The Tower Journal

John Richmond

 

Wedding Bells

          They were in love, though, not with each other. Of course they liked each other well enough- hell, they even lived together for over six years- but that didn’t mean what most people thought it meant. You see, despite outward appearances, they were a tad different. She was a bisexual and he was a carefree spirit. She was in love with Monica, her best friend from college, and he was in love with his music. This made them perfect for each other.
          They accepted each other and looked out for each other and cared for each other. The two of them were, first and foremost, mutual buddies; they were partying buddies, out to dinner buddies, go to the movies buddies, drinking buddies, and although there was affection and love between them, it was not a personal kind of love- it was not a physical kind of love- yet, they did, on occasion, have sex.
          No, theirs was a greater love- a transcending love. The love that they shared was a mutual love of things- and cash- and, thus, in the midst of the “Great Recession,” they decided that the most brilliant way to keep “the flow” of new things- and money- going was to “get married.” Not in the traditional sense; well, yes, traditional in appearances; things like, the announcements, the registry, the shower, the wedding, the reception- but with all of it carefully calculated so as to rake in as many gifts and as much money as they could.

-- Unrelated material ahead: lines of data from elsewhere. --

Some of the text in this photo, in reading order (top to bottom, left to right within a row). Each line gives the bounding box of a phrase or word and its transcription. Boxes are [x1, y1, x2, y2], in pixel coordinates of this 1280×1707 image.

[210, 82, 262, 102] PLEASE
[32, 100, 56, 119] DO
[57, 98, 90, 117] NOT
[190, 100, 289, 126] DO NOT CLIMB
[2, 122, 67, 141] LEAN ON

          How did this come about? Well, it happened one evening as they were sitting in her newly bought house (it was her’s- and only her’s- because she wanted to make sure that she would keep it if anything went wrong with her relationship with anyone) at the kitchen table. They had place settings, glasses and utensils, but they were all of the mix-and-match variety. There were several blue-colored plates, three red-colored plates and a lone, chipped, lime-colored plate; a beer glass from this bar, some hand-me-down glasses from one of the parents; silverware that had seen better days- and forget about cloth napkins, they were strictly into individual sheets from the rolls of paper towels they bought at Costco’s. It was the girl that brought it up first.
          “Aren’t you tired of the way we live?” she asked after having sucked off the blue cheese dressing from her tenth chicken wing.

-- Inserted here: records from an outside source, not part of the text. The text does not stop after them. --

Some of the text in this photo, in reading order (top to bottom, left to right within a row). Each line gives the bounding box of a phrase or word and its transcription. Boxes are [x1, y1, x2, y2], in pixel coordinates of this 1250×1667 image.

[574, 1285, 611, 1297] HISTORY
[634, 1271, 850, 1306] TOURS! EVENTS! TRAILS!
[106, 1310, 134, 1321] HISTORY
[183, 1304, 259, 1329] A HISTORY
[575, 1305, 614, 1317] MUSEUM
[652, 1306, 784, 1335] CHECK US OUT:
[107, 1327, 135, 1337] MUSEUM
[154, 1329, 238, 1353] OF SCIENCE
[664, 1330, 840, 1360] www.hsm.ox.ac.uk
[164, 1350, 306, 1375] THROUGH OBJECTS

          He looked at her over the rim of his can of Labatt’s Blue Light and then brought the can down onto the table where he positioned it carefully on the paper towel so that it and the table was squared away with the position in which he was sitting.
          “What do you mean?” he asked in a somewhat perplexed tone. “We’ve hardly been in the house for a year? I mean, what are you saying? Do you want to sell and move out?”

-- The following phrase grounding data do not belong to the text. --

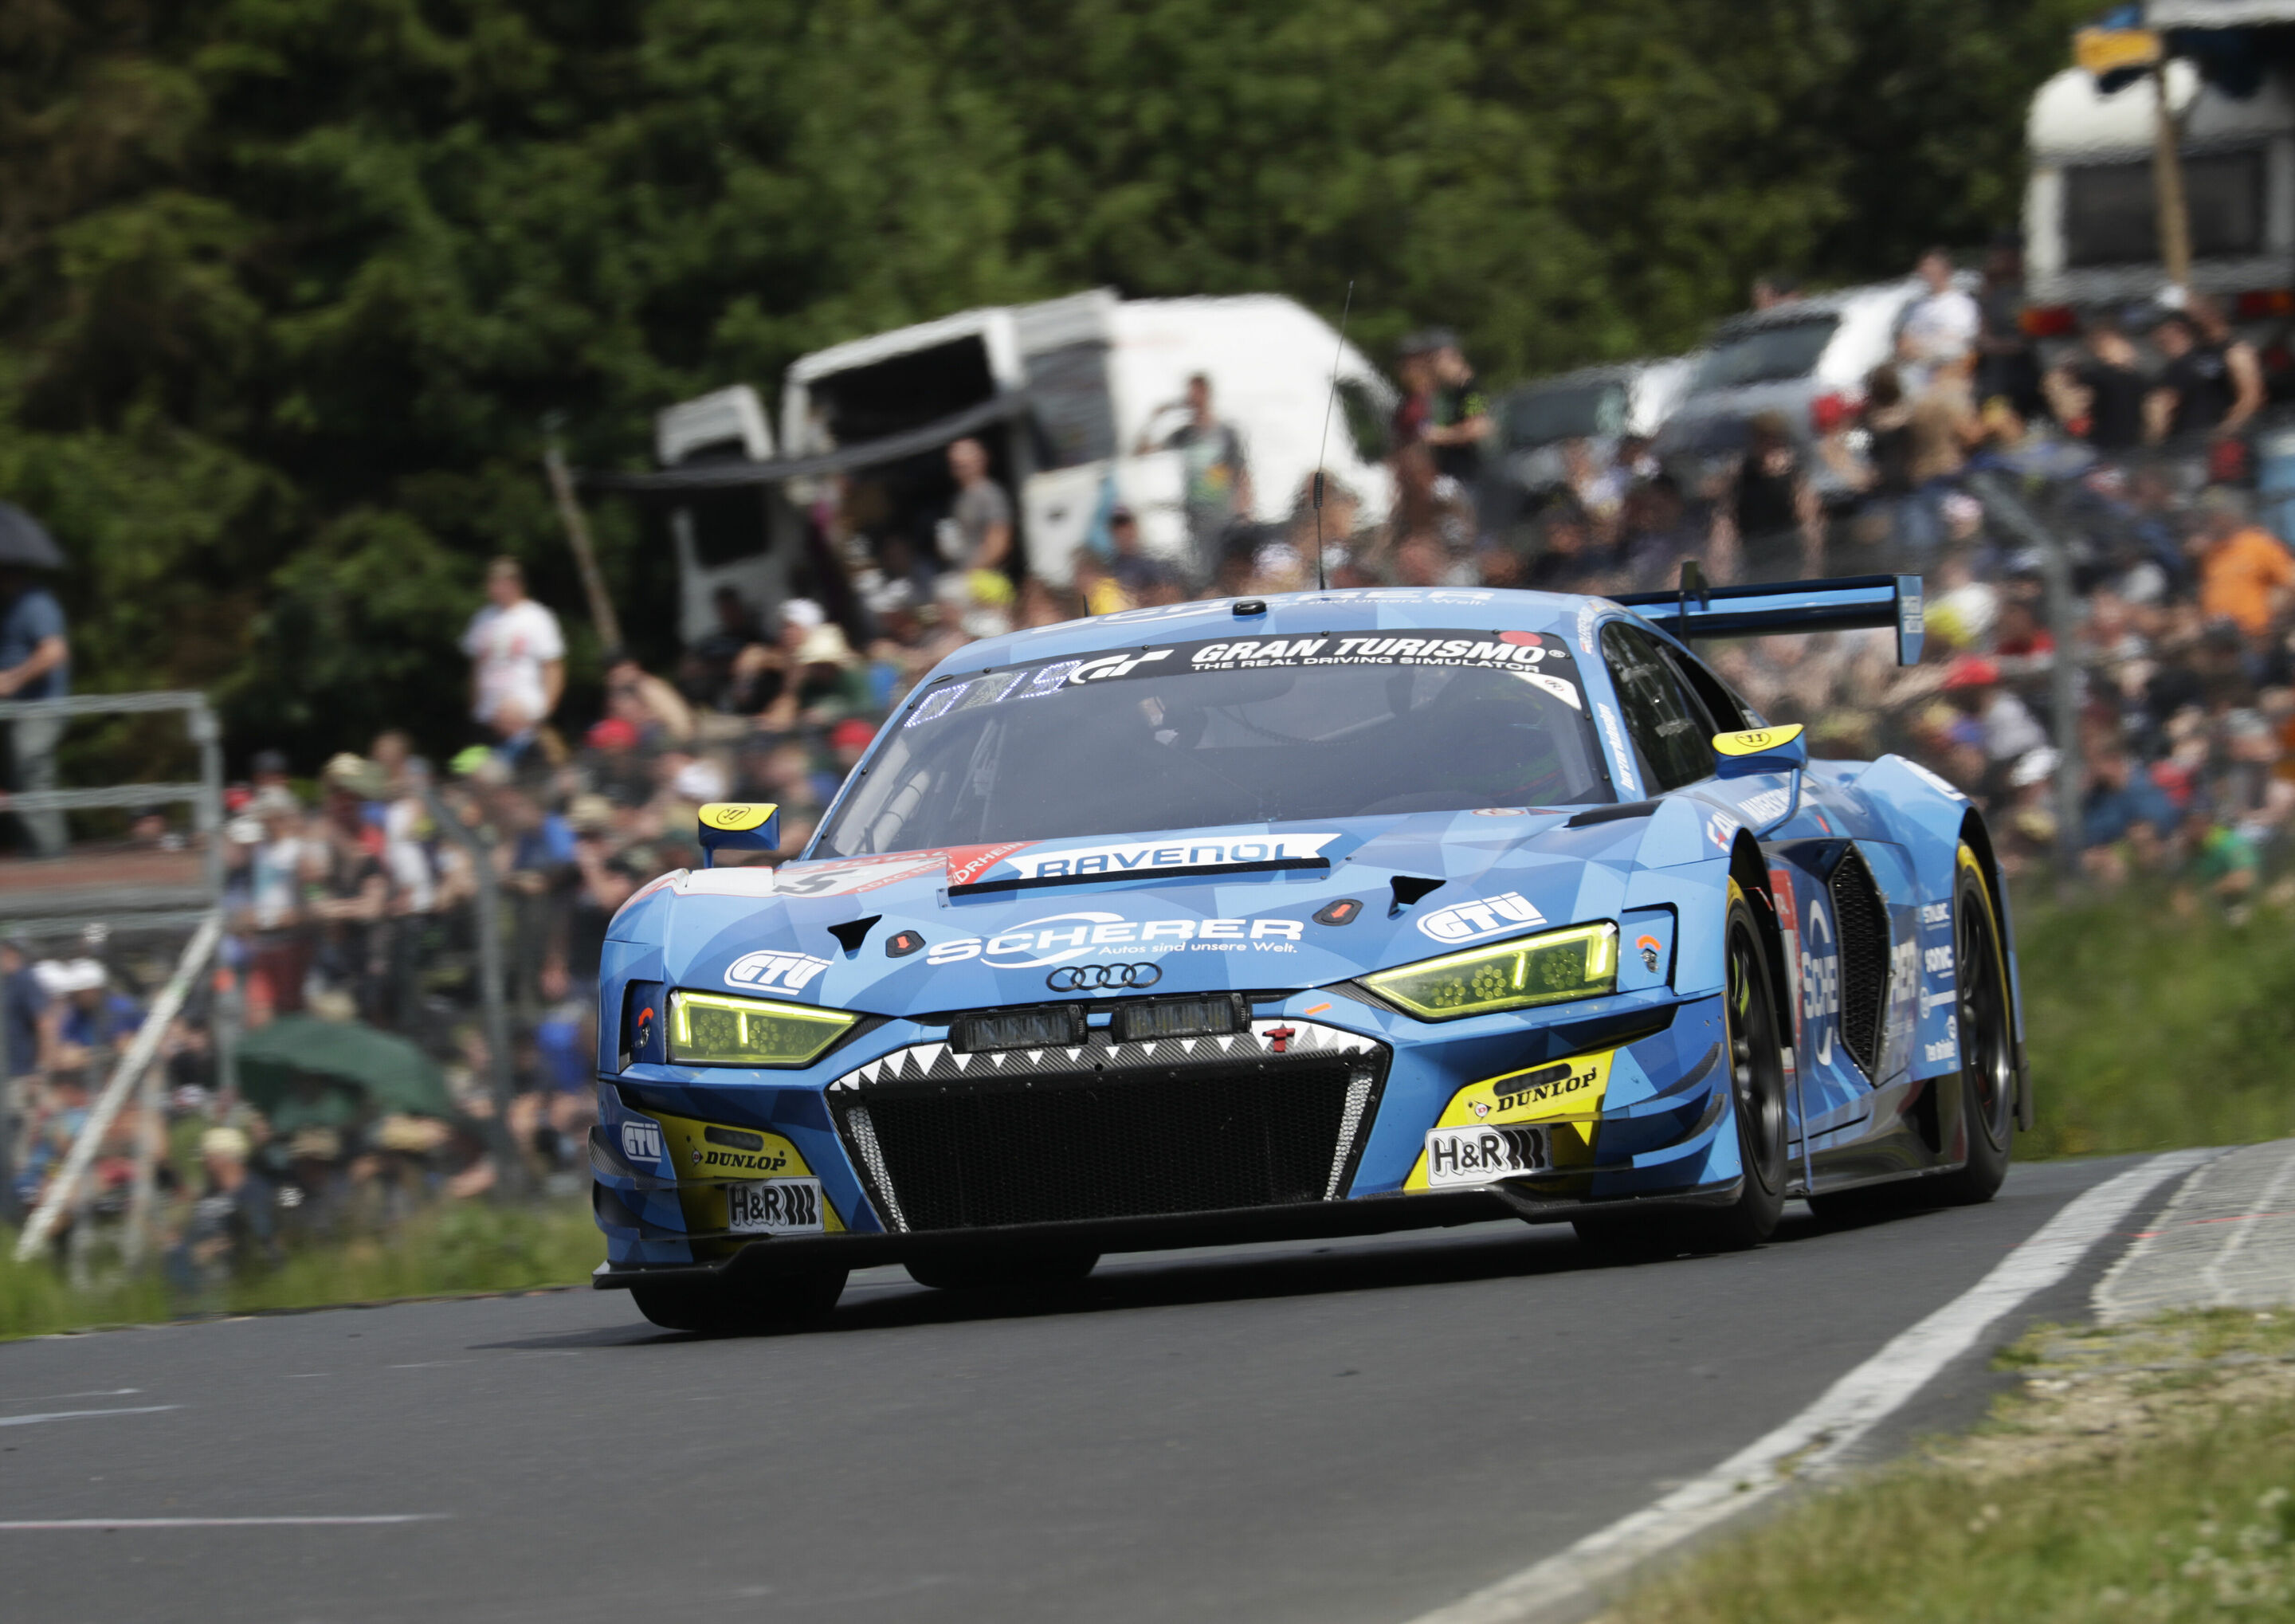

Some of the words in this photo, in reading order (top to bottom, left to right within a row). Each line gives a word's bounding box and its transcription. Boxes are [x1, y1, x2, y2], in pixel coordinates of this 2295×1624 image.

[1191, 639, 1329, 663] GRAN
[1334, 638, 1547, 664] TURISMO
[1191, 662, 1234, 671] THE
[1241, 659, 1298, 668] REAL
[1304, 656, 1393, 665] DRIVING
[1399, 656, 1540, 673] SIMULATOR
[1036, 843, 1303, 878] RAVENOL
[926, 918, 1305, 965] SCHERER
[1098, 943, 1146, 955] Autos
[1151, 942, 1186, 953] sind
[1191, 942, 1247, 952] unsere
[1253, 941, 1298, 954] Welt.
[1497, 1073, 1597, 1112] DUNLOP
[705, 1151, 787, 1171] DUNLOP
[1434, 1134, 1503, 1173] H&R
[730, 1186, 783, 1222] H&R

          She laughed heartily at the absurdity of the thought of giving up her house.
          “No, no,” she said as she stood up and went to the sink. There, she washed the hot sauce off of her fingers and dried them.
          Next, she made her way across the ten feet of kitchen floor from the sink to the refrigerator where she paused just long enough to take out another can of beer, open it and return to the table.
          “What I’m talking about,” she continued, “is we need to upgrade- get some new things. You know, plates, silverware, glasses, designer bath towels, a nice microwave- a sixty inch plasma television”-
          “Whoa, whoa!” he exclaimed, cutting her off. “We don’t have money for that kind of stuff.”
          She grinned and assuredly said, “I know,” before she sat down across from him with a knowing sort of smile that now crept across her face.
          He scrutinized her body posture and considered the confidence with which she had answered him.
          “So, then, you’re just talking crazy,” he tried to conclude.
          “No,” she said shaking her head and her long blonde hair with extra- maybe even exaggerated- emphasis, “not crazy talk.”
          He sighed, peered down into his beer can and finally asked, “How?”
          She batted her eyes, widened her smile and announced, “We’re going to get married.”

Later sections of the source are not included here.